Problem requirements — Could you transcribe all of the data exactly and skip any pictures?

####################

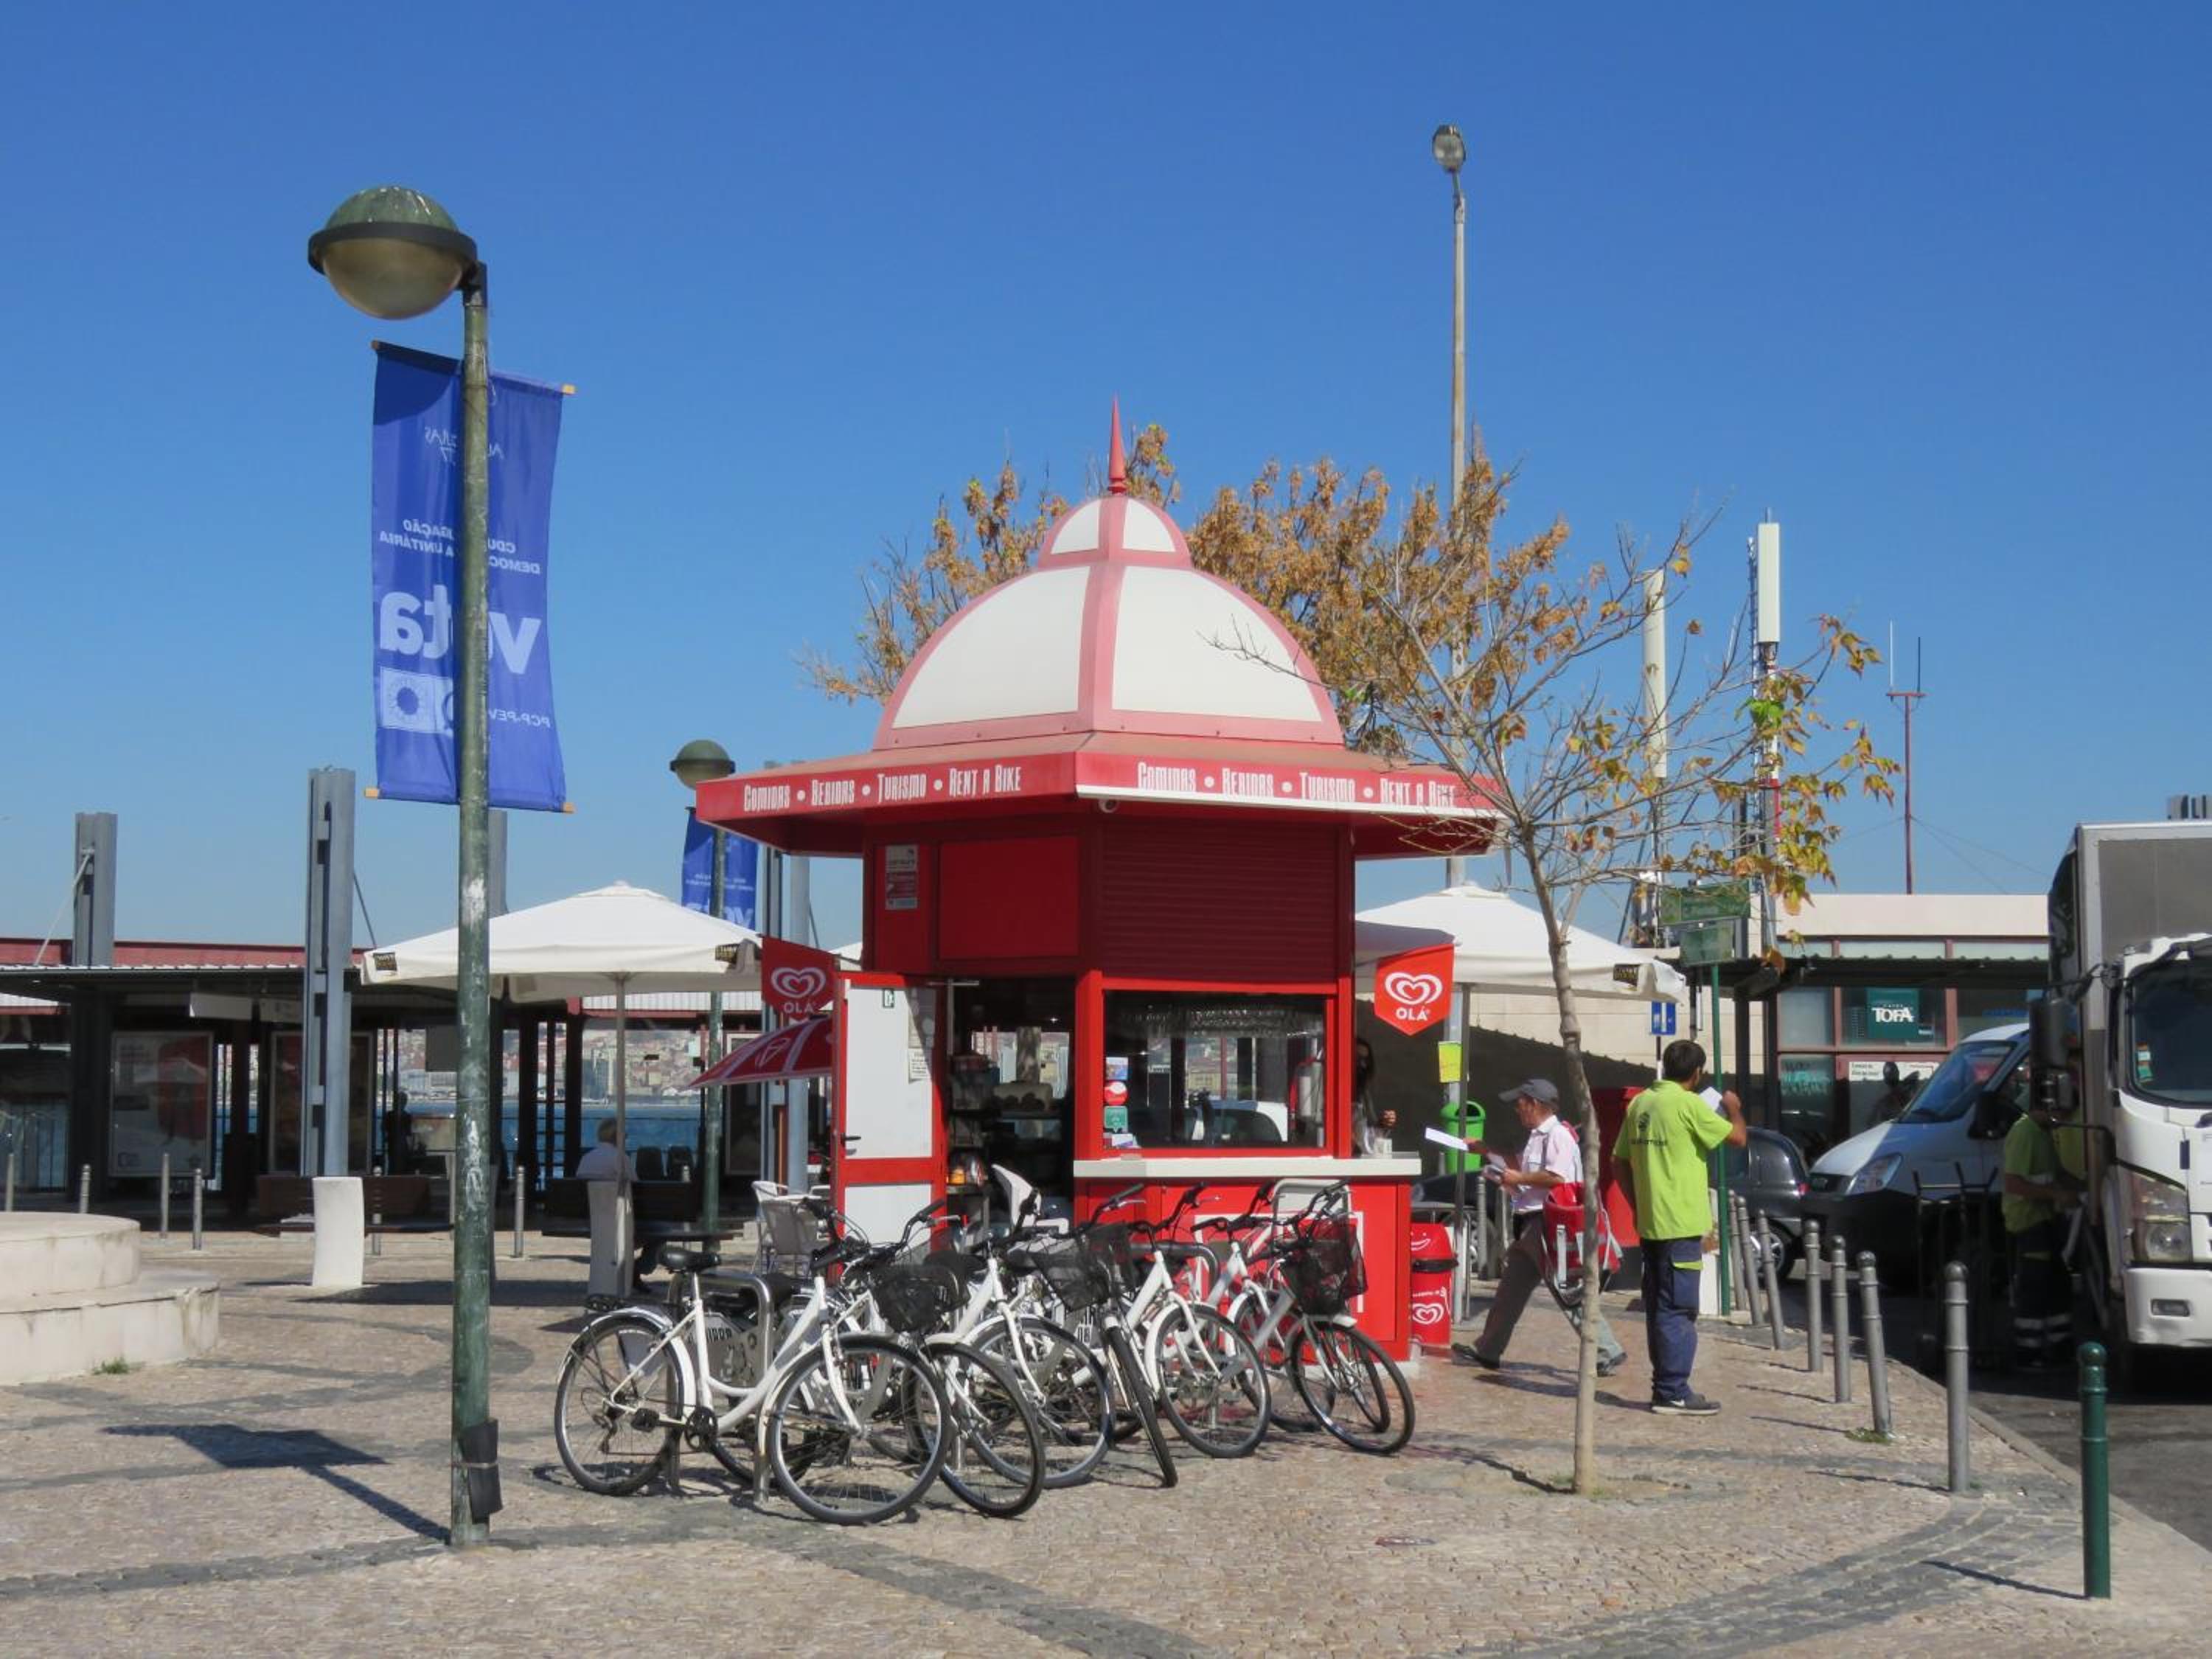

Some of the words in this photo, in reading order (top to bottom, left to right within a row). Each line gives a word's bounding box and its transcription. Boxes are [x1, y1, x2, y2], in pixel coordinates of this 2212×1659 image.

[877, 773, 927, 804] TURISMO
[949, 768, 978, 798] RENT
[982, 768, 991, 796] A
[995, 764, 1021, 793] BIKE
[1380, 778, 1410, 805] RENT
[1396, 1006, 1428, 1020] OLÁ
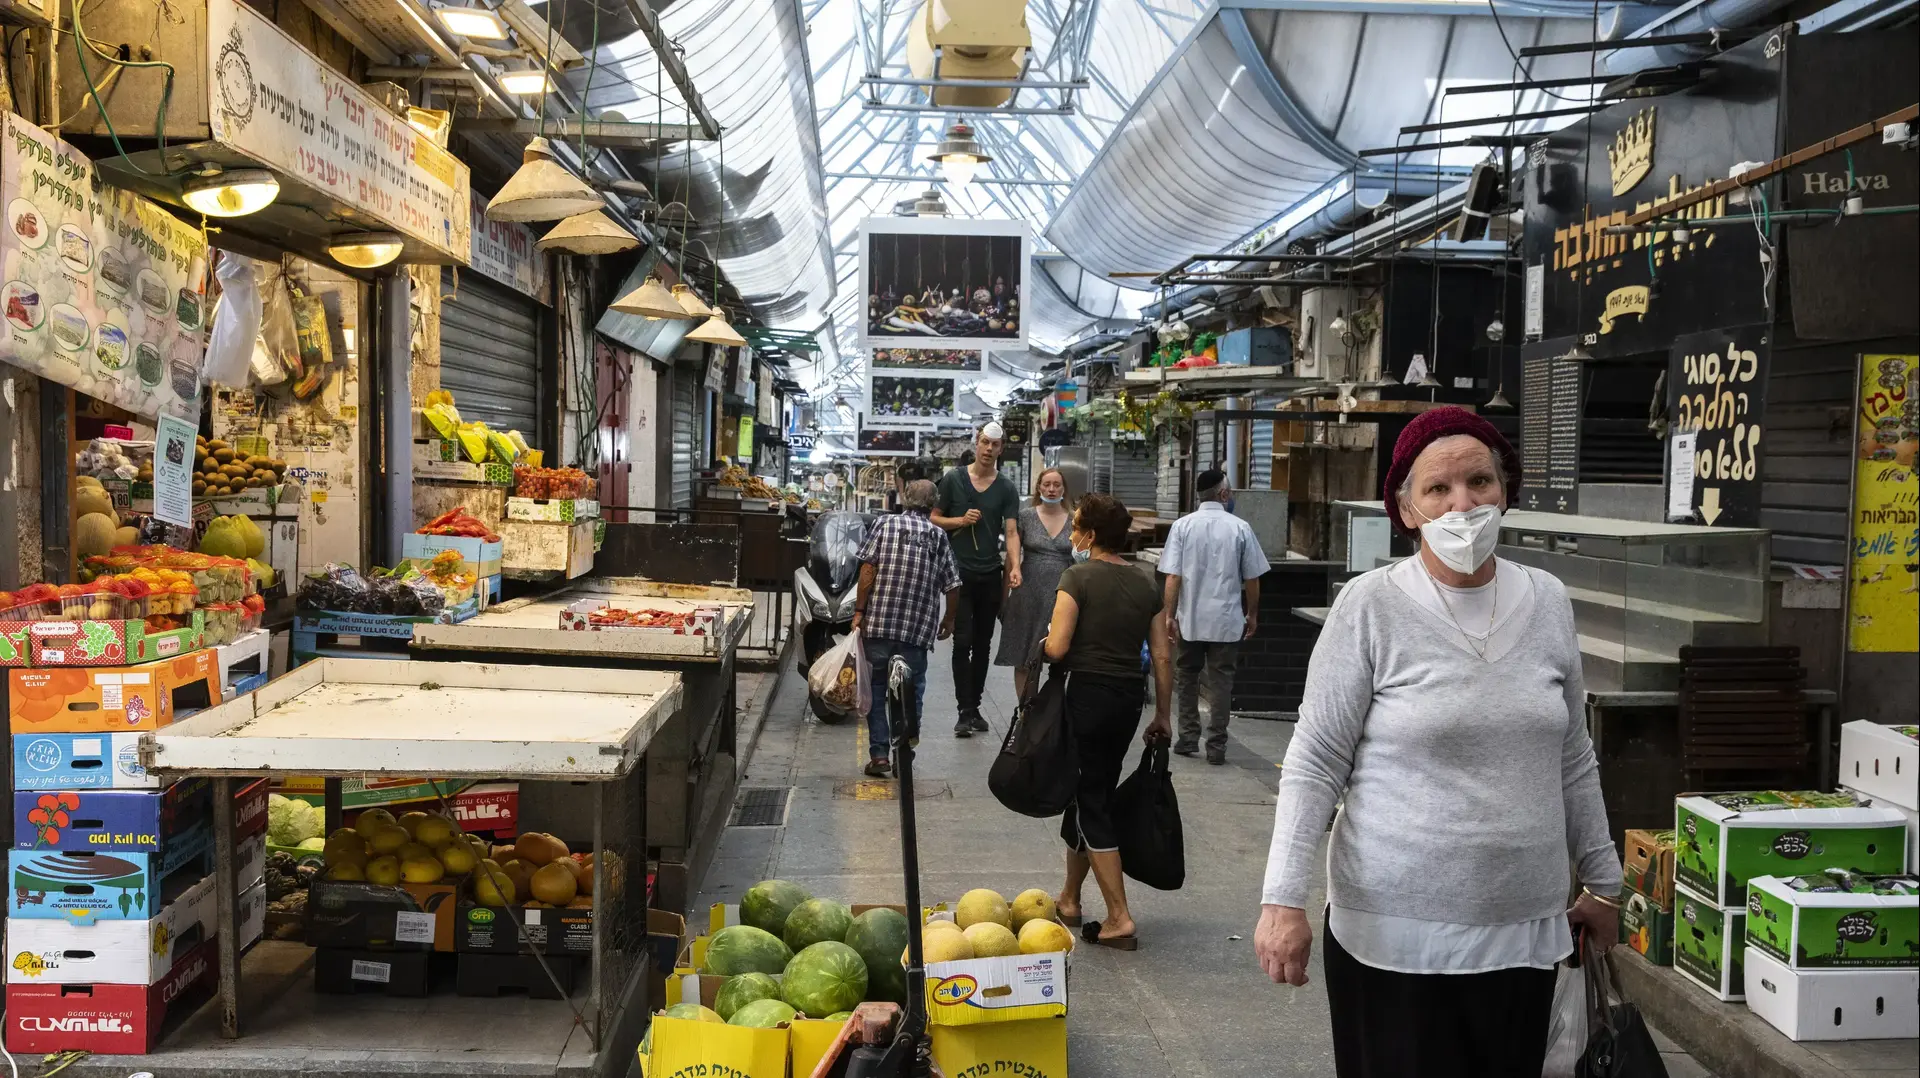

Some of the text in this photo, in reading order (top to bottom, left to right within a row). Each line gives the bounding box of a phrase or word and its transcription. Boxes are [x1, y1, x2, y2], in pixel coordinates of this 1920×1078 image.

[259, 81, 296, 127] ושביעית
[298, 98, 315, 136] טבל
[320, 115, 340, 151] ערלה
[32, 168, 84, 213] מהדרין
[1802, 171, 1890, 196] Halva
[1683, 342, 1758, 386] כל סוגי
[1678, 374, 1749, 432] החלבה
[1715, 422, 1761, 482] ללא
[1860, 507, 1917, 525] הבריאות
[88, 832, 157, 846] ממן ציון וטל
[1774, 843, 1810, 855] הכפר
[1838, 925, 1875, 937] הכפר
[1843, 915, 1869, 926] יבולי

####################

Written answer —
Some of the words in this photo, in reading order (top to bottom, left to right within a row). Each line gives a word's bounding box and its transcription. Boxes are [x1, y1, x2, y2], in pixel coordinates of this 2212×1659 image.

[877, 773, 927, 804] TURISMO
[949, 768, 978, 798] RENT
[982, 768, 991, 796] A
[995, 764, 1021, 793] BIKE
[1380, 778, 1410, 805] RENT
[1396, 1006, 1428, 1020] OLÁ

Some of the text in this photo, in reading order (top to bottom, left to right within a row). Each line gives the bounding box of a phrase or word and its transcription. Boxes are [x1, y1, x2, y2], in pixel coordinates of this 1920×1078 image.

[259, 81, 296, 127] ושביעית
[298, 98, 315, 136] טבל
[320, 115, 340, 151] ערלה
[32, 168, 84, 213] מהדרין
[1802, 171, 1890, 196] Halva
[1683, 342, 1758, 386] כל סוגי
[1678, 374, 1749, 432] החלבה
[1715, 422, 1761, 482] ללא
[1860, 507, 1917, 525] הבריאות
[88, 832, 157, 846] ממן ציון וטל
[1774, 843, 1810, 855] הכפר
[1838, 925, 1875, 937] הכפר
[1843, 915, 1869, 926] יבולי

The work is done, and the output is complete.